As noted above, tomatoes, which are the basis of tomato paste, the benefits of which are confirmed by a high content of nutrients, contain many vitamins in their composition.

C is one of the most vital vitamins. With great antioxidant properties, it has a stimulating effect on the immune defense of the human body, as well as on the healthy functioning of all organs of the body. An organism that receives a sufficient amount of ascorbic acid more successfully copes with foci of bacteria and viruses, as well as with pathogenic microflora that adversely affects the body as a whole. For the prevention of diseases, ranging from a banal cold to an oncological tumor, vitamin C is simply necessary.

The beneficial effect of the vitamin of life - C, is significantly enhanced by vitamins E and A, which are also present in tomato paste, enhancing its antioxidant properties. The combination of these vitamins can preserve beauty and prolong youth. In addition, beta-carotene can be called an anti-stress vitamin. In addition, it helps the body to neutralize radioactive and chemical influences from the outside.

Vitamin B1 is needed for a complete metabolism of carbohydrates. It speeds up metabolism, thereby reducing the likelihood of excess weight. The work of the heart, blood vessels and digestive system is largely supported by B vitamins. Their timely intake helps prevent the likelihood of stroke conditions and heart attacks.

Vitamin PP, which is nicotinic acid, regulates the level of cholesterol (bad) in the blood, thereby preventing vascular and heart diseases. And also he is involved in the synthesis of hormones, especially the urogenital area.

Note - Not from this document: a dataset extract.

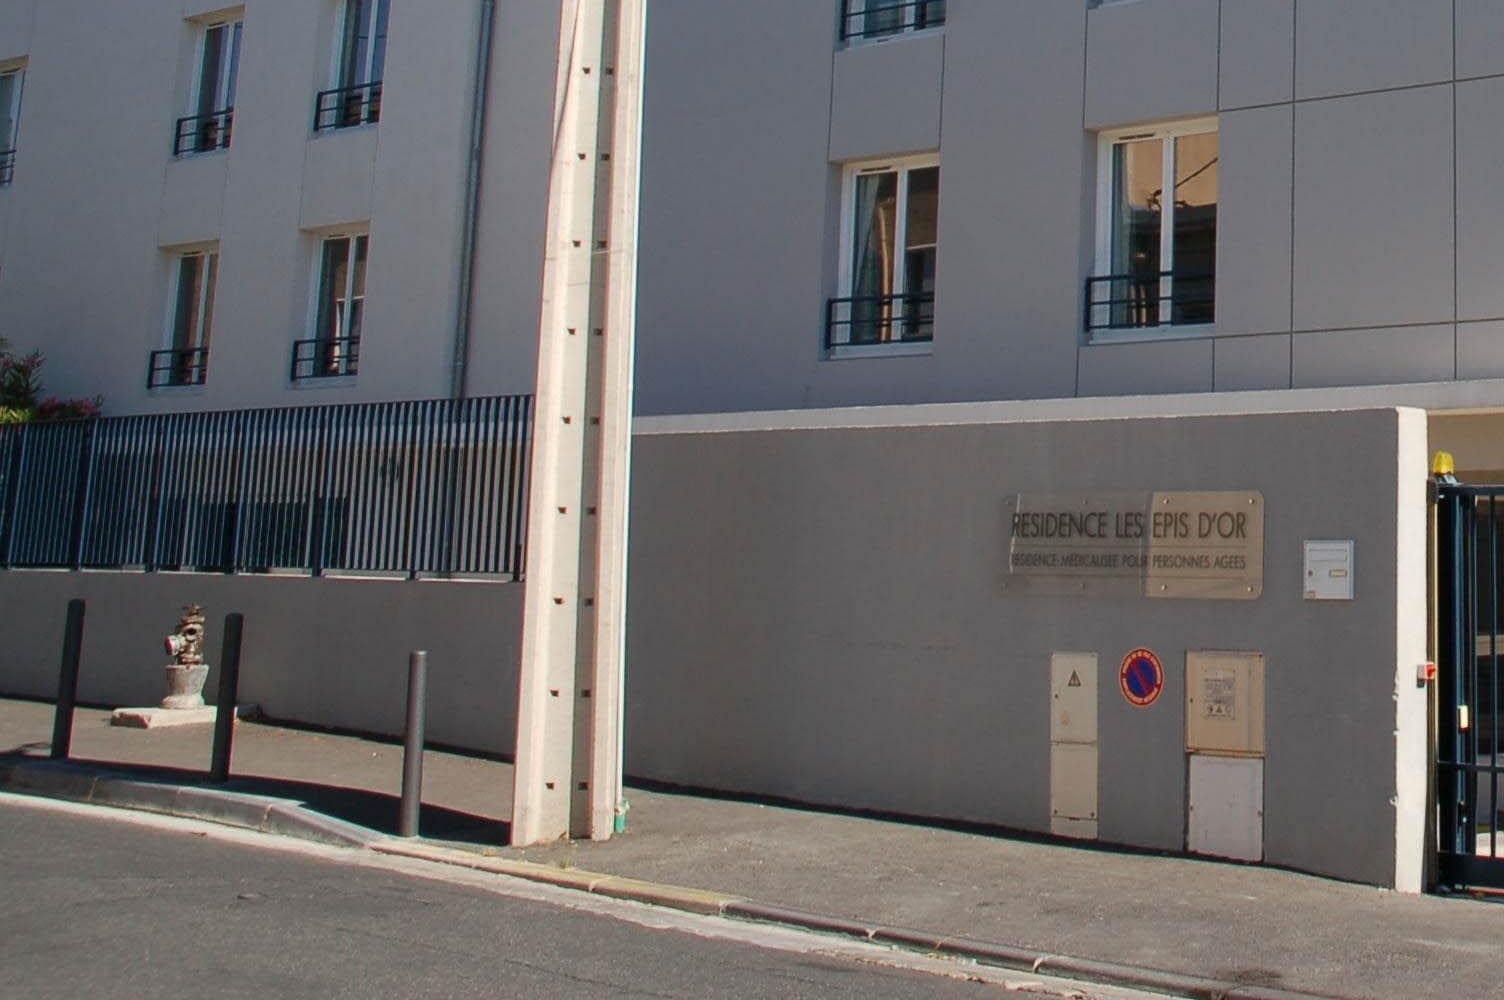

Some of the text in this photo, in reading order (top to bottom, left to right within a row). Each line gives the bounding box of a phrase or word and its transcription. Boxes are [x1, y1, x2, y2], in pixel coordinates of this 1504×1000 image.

But the main useful substance contained in tomato paste can be considered lycopene. Tomato concentrate can safely be called a champion in its content. Due to the increased amount of this natural substance, the fruits have a bright characteristic color. But it should be noted: scientists believe that the highest content of lycopene is found in vegetables that have undergone heat treatment, while in fresh vegetables, its concentration is significantly reduced. So, fried, boiled, baked or simply in the form of a paste, they contain 10 times more of this natural antioxidant, which protects the body from the harmful effects of the external environment and early cell aging. Therefore, eating tomato paste is much more beneficial than eating fresh tomatoes. The recommended dose is three large spoons per day, but you need to remember that lycopene is absorbed with fats.

The presence of a large amount of potassium helps to improve the functioning of the heart and blood vessels, lowering blood pressure.

American scientists advise to include dishes with tomato paste in the diet, this will halve the risk of oncology. Meanwhile, it contains to a large extent serotonin, which is considered the hormone of joy, which helps to elevate mood, eliminate depressive states and successfully cope with stress.

At the same time, tomato paste promotes better digestion - it stimulates the production of gastric juice, so it is especially necessary in heavy dishes (for example: meat and flour).

In the spring period of beriberi, it can be used along with carrots as a vitamin remedy rich in vitamin A, which improves eye health and prevents aging. Strengthens nails, teeth and bones of phosphorus, which is contained in a considerable amount in tomato paste.

Low calorie content and a large composition of useful substances in tomato paste allows it to be considered a dietary product recommended not only for people who monitor their weight, as well as for patients with a weak vascular system and heart, but also for adherents of a proper, healthy diet.

Is eating tomato paste harmful?

Tomato paste cannot harm human health, except for cases when dangerous components are added to reduce the cost of the product.

Summing up, we can confidently state the fact that there is much more benefit from tomato paste than harm, and its use will help maintain health and youth.

National Italian cuisine is replete with dishes and sauces made from this healthy pasta, so the country has significantly reduced the incidence of heart disease, blood vessels and oncology, while local residents, eating spaghetti in large quantities, do not gain weight, look healthy, slim, young and cheerful.